Word for word, write out the entries that follow, omitting all pictures.

## [Data section]

::::

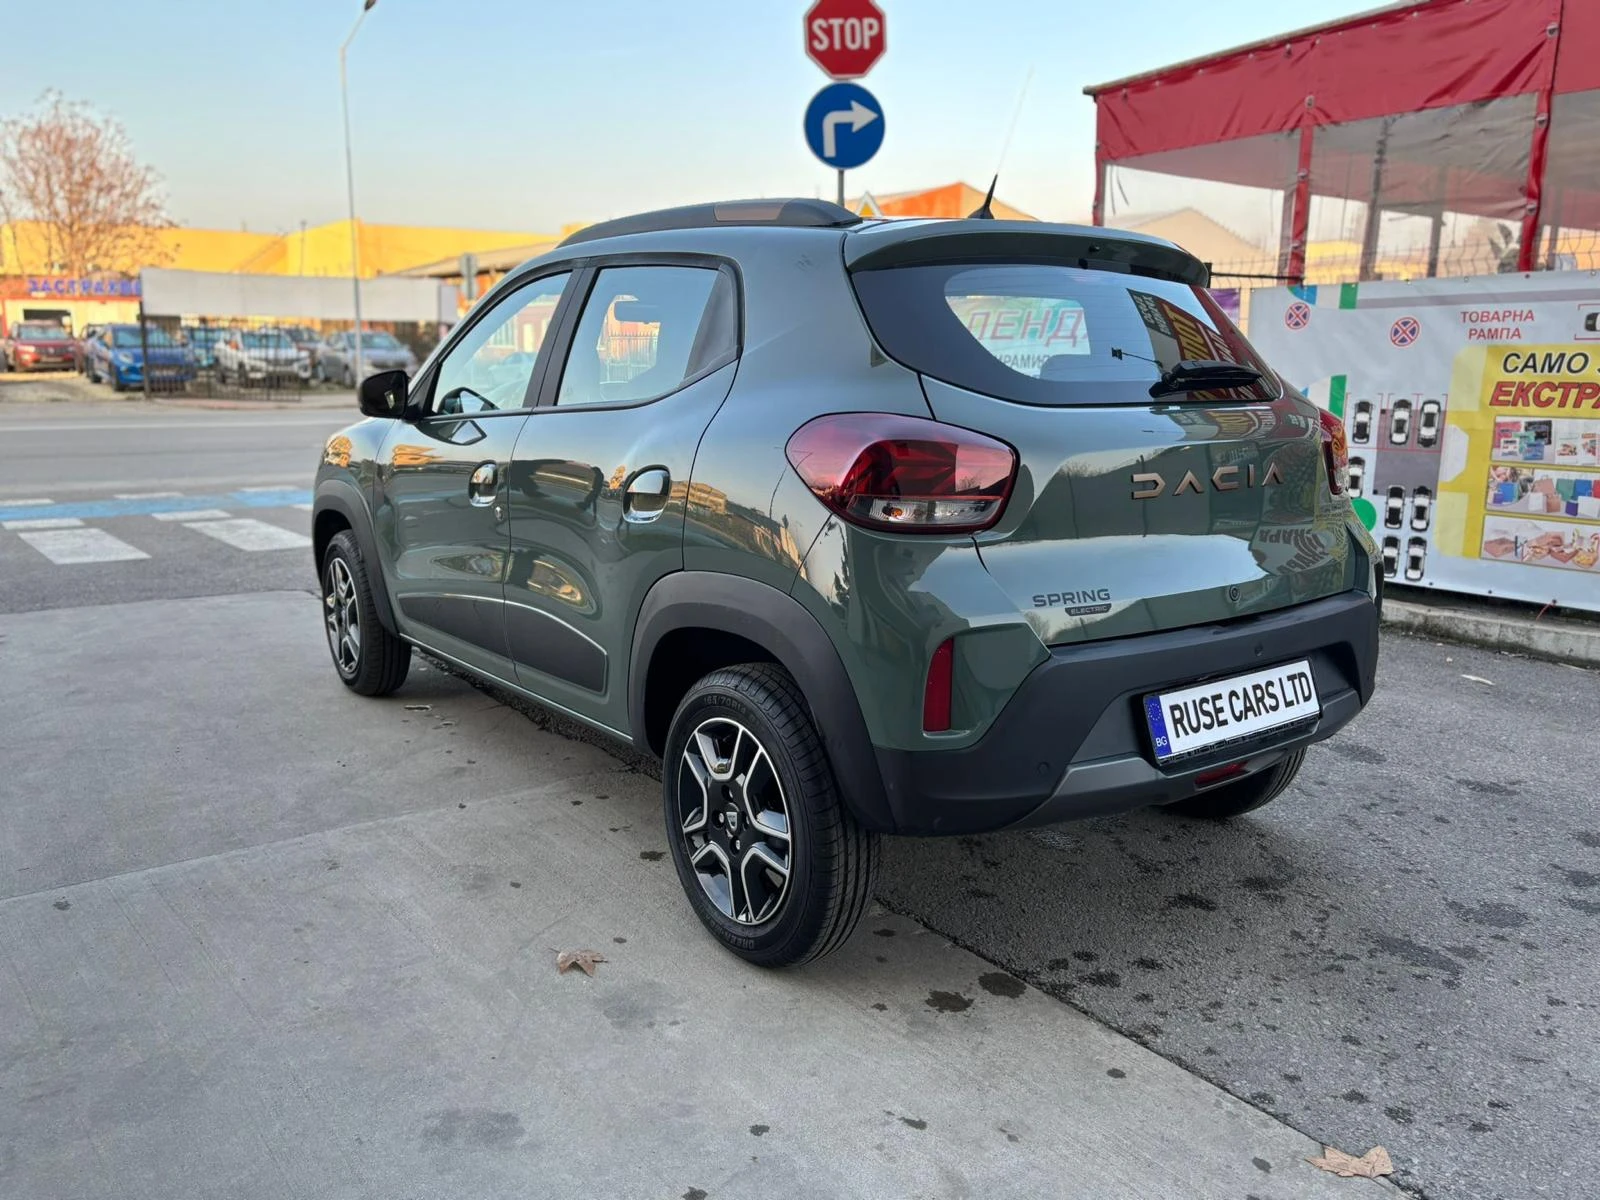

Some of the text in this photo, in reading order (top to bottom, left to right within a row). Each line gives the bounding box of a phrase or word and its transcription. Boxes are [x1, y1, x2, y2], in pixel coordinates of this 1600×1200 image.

[811, 16, 880, 51] STOP
[1461, 310, 1534, 323] ТОВАРНА
[1468, 328, 1521, 339] РАМПА
[1503, 353, 1589, 373] САМО
[1131, 462, 1284, 500] DACIA
[1032, 588, 1111, 608] SPRING
[1070, 604, 1108, 615] ELECTRIC
[1169, 671, 1313, 739] RUSE CARS LTD
[1155, 735, 1168, 748] BG

::::

## [Response]
Some of the text in this photo, in reading order (top to bottom, left to right within a row). Each line gives the bounding box of a phrase or word and its transcription. Boxes are [x1, y1, x2, y2], in pixel coordinates of this 1600×1200 image.

[811, 16, 880, 51] STOP
[1461, 310, 1534, 323] ТОВАРНА
[1468, 328, 1521, 339] РАМПА
[1503, 353, 1589, 373] САМО
[1131, 462, 1284, 500] DACIA
[1032, 588, 1111, 608] SPRING
[1070, 604, 1108, 615] ELECTRIC
[1169, 671, 1313, 739] RUSE CARS LTD
[1155, 735, 1168, 748] BG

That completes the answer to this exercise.